◆ Required action
Below are records to return verbatim; the pictures are to be dropped.

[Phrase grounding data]

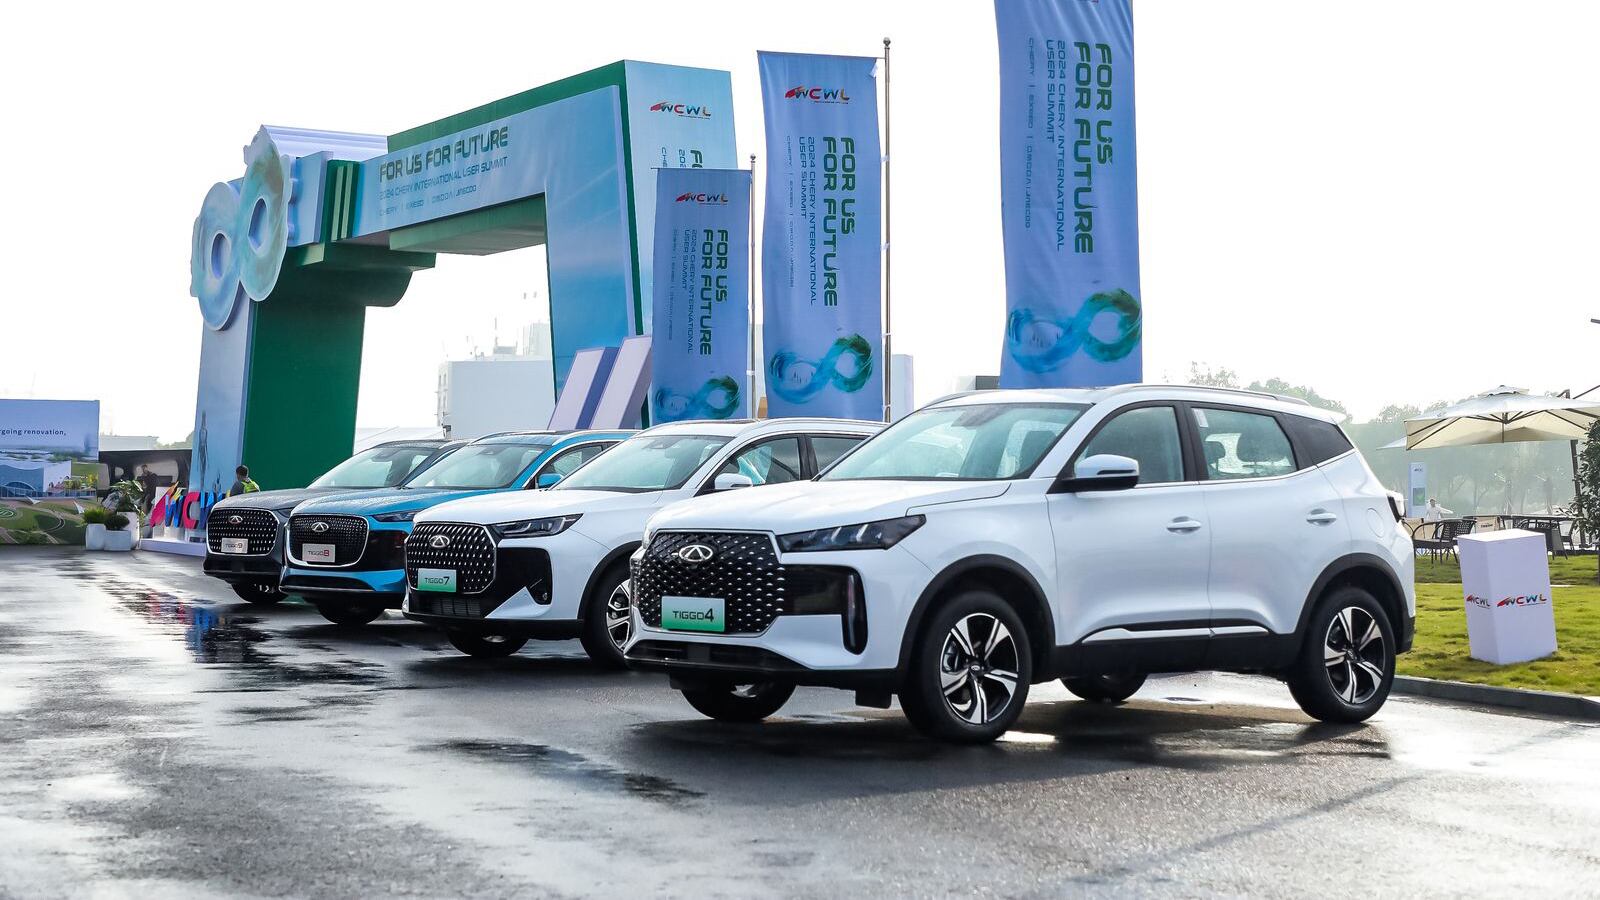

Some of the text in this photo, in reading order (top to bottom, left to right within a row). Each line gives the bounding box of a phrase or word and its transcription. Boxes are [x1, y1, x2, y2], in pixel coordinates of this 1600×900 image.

[1046, 39, 1055, 144] USER SUMMIT
[1095, 43, 1113, 165] FOR US
[380, 126, 508, 182] FOR US FOR FUTURE
[414, 171, 462, 193] INTERNATIONAL
[480, 156, 508, 173] SUMMIT
[799, 136, 808, 220] USER SUMMIT
[841, 136, 857, 234] FOR US
[1056, 40, 1066, 253] 2024 CHERY INTERNATIONAL
[1074, 41, 1098, 254] FOR FUTURE
[681, 255, 689, 290] SUMMIT
[715, 229, 729, 302] FOR US
[807, 136, 817, 306] 2024 CHERY INTERNATIONAL
[822, 136, 840, 307] FOR FUTURE
[687, 229, 698, 354] 2024 CHERY INTERNATIONAL
[699, 229, 714, 355] FOR FUTURE
[672, 608, 715, 622] TIGGO4
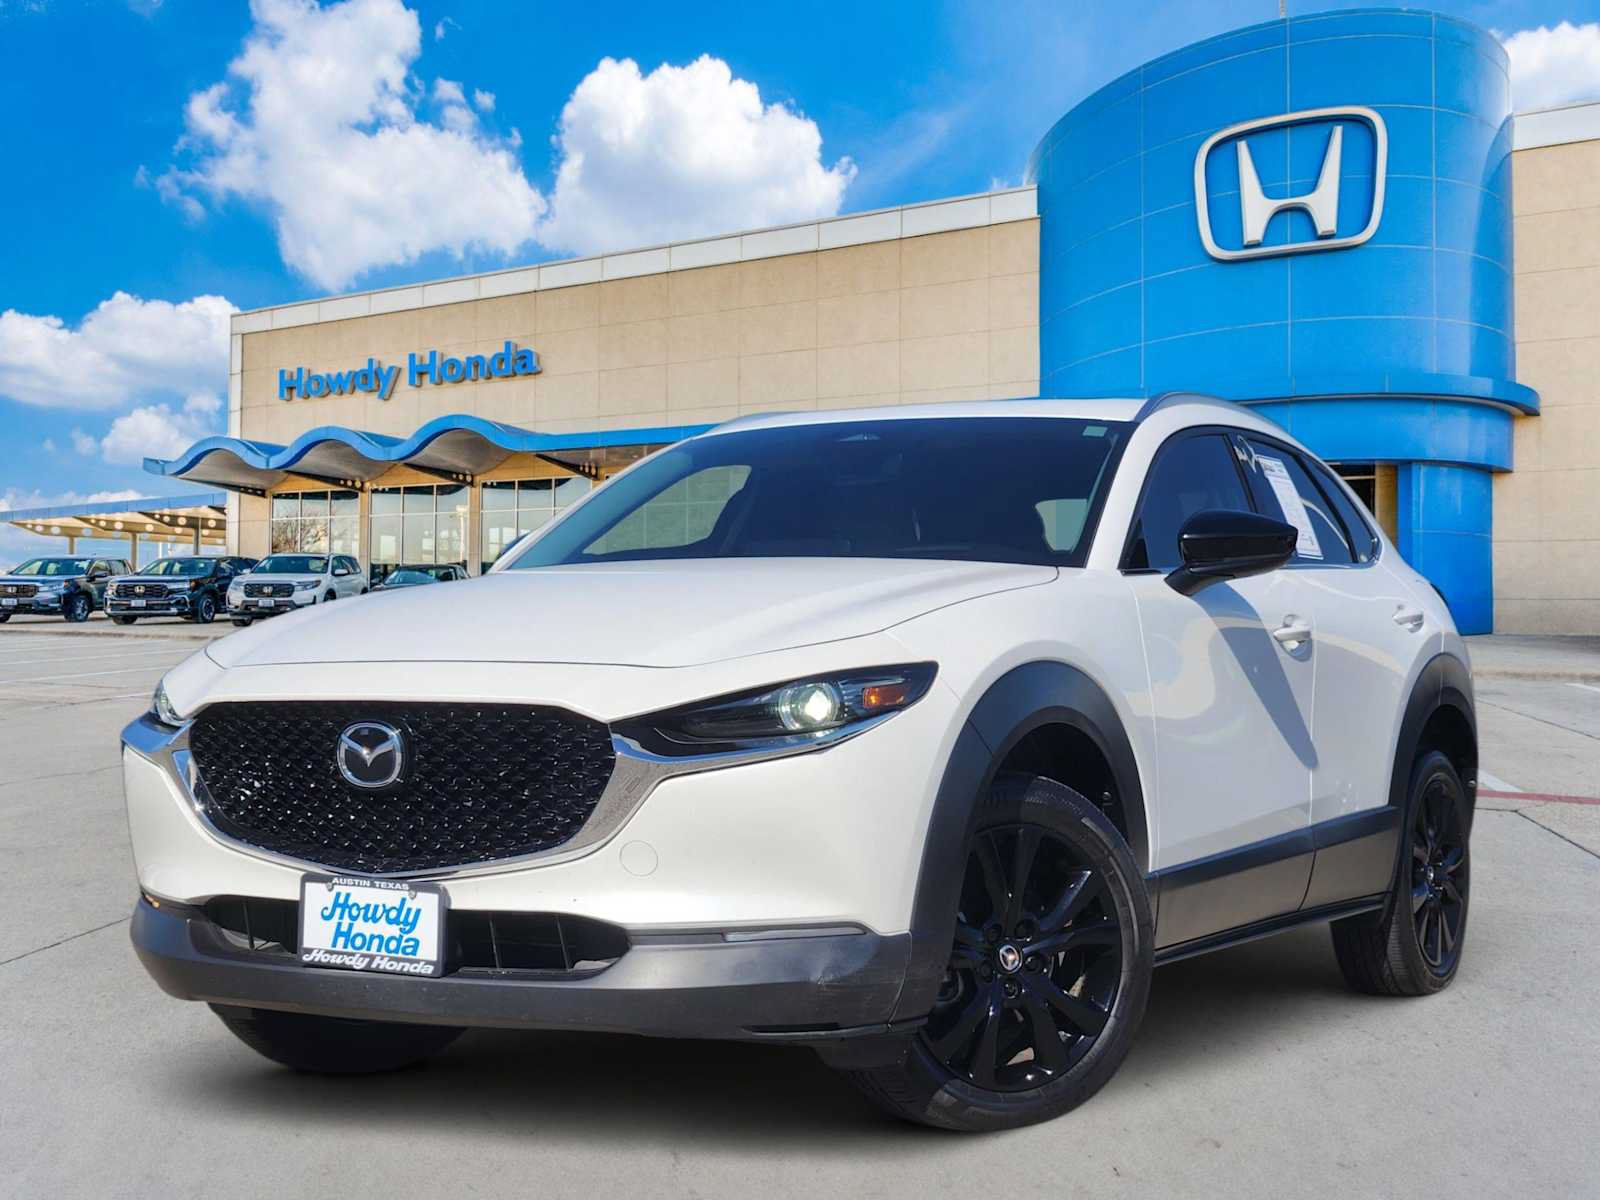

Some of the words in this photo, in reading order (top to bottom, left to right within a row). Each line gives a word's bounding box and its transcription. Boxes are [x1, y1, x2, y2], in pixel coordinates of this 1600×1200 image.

[278, 357, 400, 401] Howdy
[408, 340, 541, 387] Honda
[332, 877, 370, 887] AUSTIN
[374, 880, 410, 891] TEXAS
[320, 891, 421, 935] Howdy
[331, 922, 420, 956] Honda
[302, 949, 370, 970] Howdy
[371, 955, 434, 975] Honda

◆ Output for this exercise
Some of the text in this photo, in reading order (top to bottom, left to right within a row). Each line gives the bounding box of a phrase or word and its transcription. Boxes are [x1, y1, x2, y2], in pixel coordinates of this 1600×900 image.

[1046, 39, 1055, 144] USER SUMMIT
[1095, 43, 1113, 165] FOR US
[380, 126, 508, 182] FOR US FOR FUTURE
[414, 171, 462, 193] INTERNATIONAL
[480, 156, 508, 173] SUMMIT
[799, 136, 808, 220] USER SUMMIT
[841, 136, 857, 234] FOR US
[1056, 40, 1066, 253] 2024 CHERY INTERNATIONAL
[1074, 41, 1098, 254] FOR FUTURE
[681, 255, 689, 290] SUMMIT
[715, 229, 729, 302] FOR US
[807, 136, 817, 306] 2024 CHERY INTERNATIONAL
[822, 136, 840, 307] FOR FUTURE
[687, 229, 698, 354] 2024 CHERY INTERNATIONAL
[699, 229, 714, 355] FOR FUTURE
[672, 608, 715, 622] TIGGO4

Some of the words in this photo, in reading order (top to bottom, left to right within a row). Each line gives a word's bounding box and its transcription. Boxes are [x1, y1, x2, y2], in pixel coordinates of this 1600×1200 image.

[278, 357, 400, 401] Howdy
[408, 340, 541, 387] Honda
[332, 877, 370, 887] AUSTIN
[374, 880, 410, 891] TEXAS
[320, 891, 421, 935] Howdy
[331, 922, 420, 956] Honda
[302, 949, 370, 970] Howdy
[371, 955, 434, 975] Honda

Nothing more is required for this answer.